*** Begin section ***

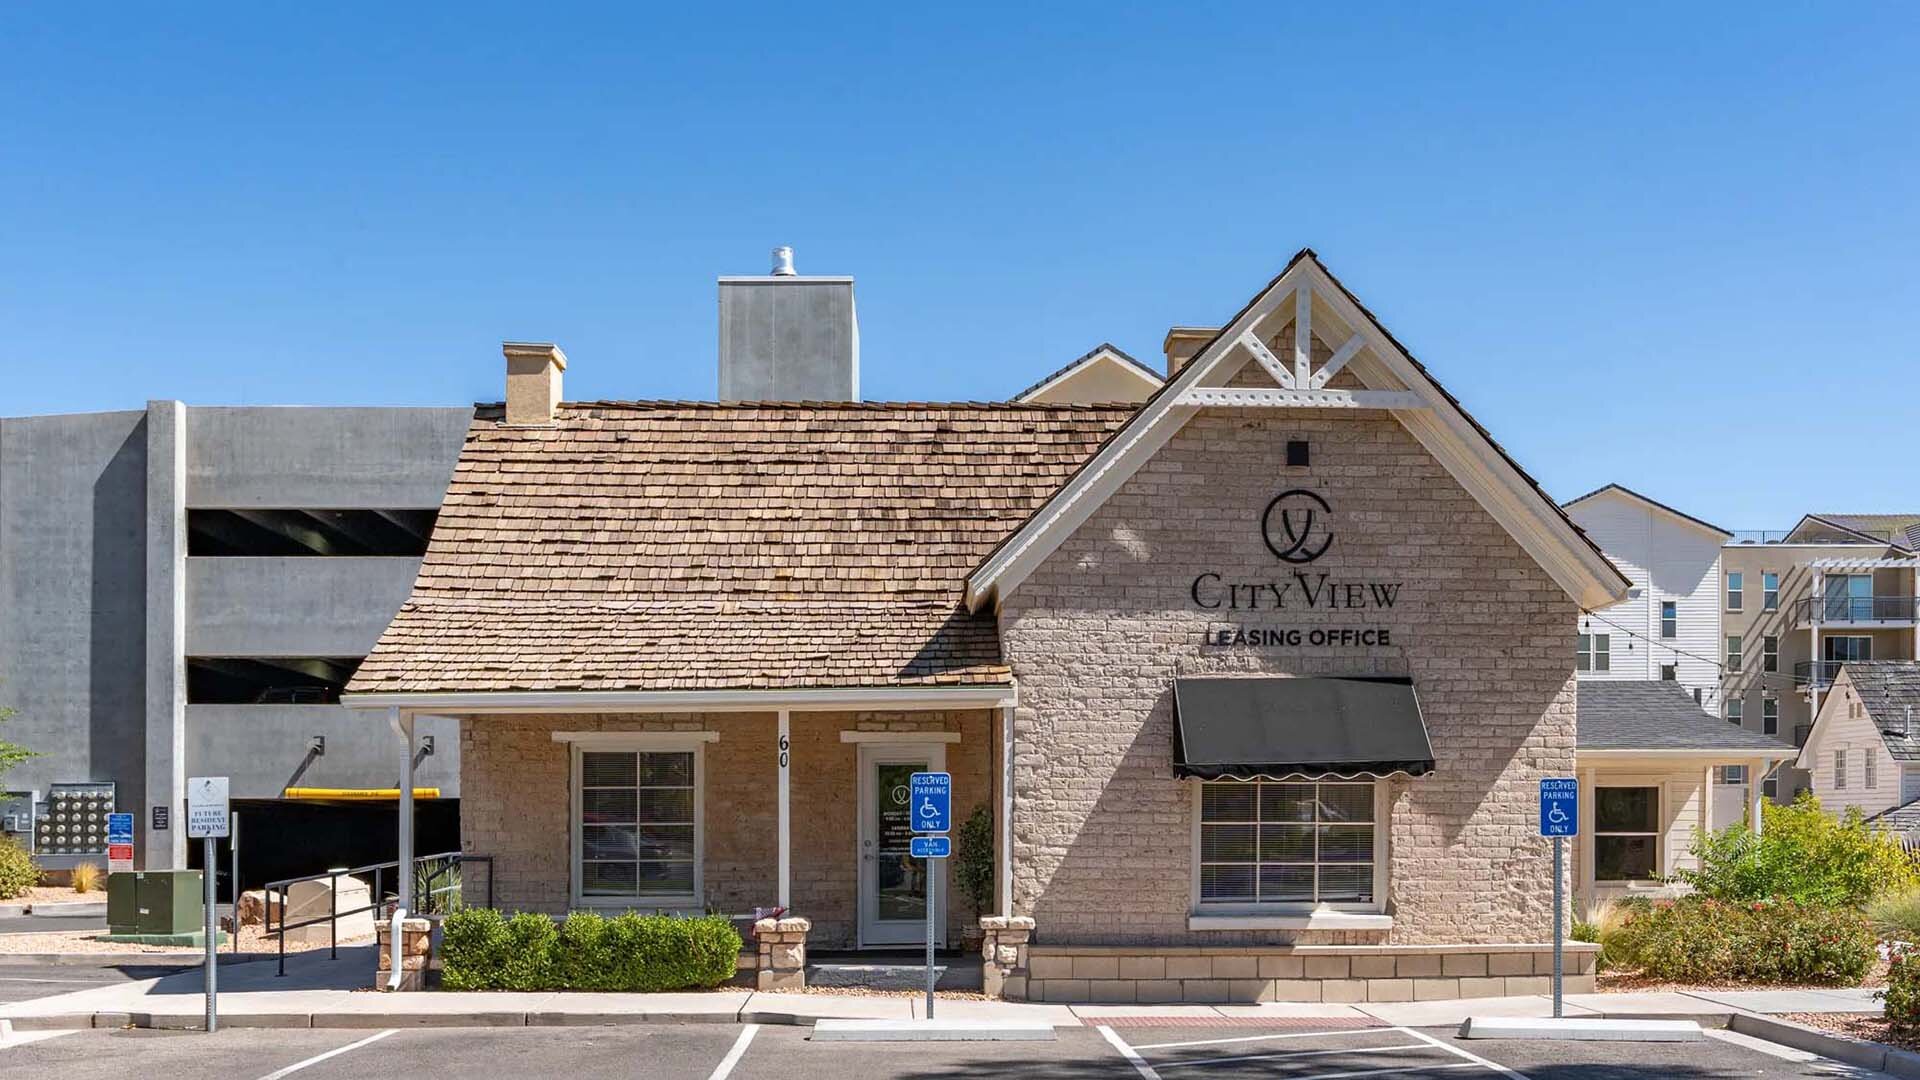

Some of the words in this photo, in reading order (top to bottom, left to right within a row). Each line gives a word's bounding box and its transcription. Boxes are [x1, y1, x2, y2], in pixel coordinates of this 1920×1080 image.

[1205, 629, 1301, 646] LEASING
[1309, 629, 1390, 646] OFFICE
[779, 735, 789, 768] 60
[912, 776, 948, 784] RESERVED
[1541, 781, 1577, 789] RESERVED

*** End section ***

_What the task asks_: Your answer must be an exact copy of the listing, with every picture omitted.

_Solution to this problem_:
Some of the words in this photo, in reading order (top to bottom, left to right within a row). Each line gives a word's bounding box and its transcription. Boxes are [x1, y1, x2, y2], in pixel coordinates of this 1920×1080 image.

[1205, 629, 1301, 646] LEASING
[1309, 629, 1390, 646] OFFICE
[779, 735, 789, 768] 60
[912, 776, 948, 784] RESERVED
[1541, 781, 1577, 789] RESERVED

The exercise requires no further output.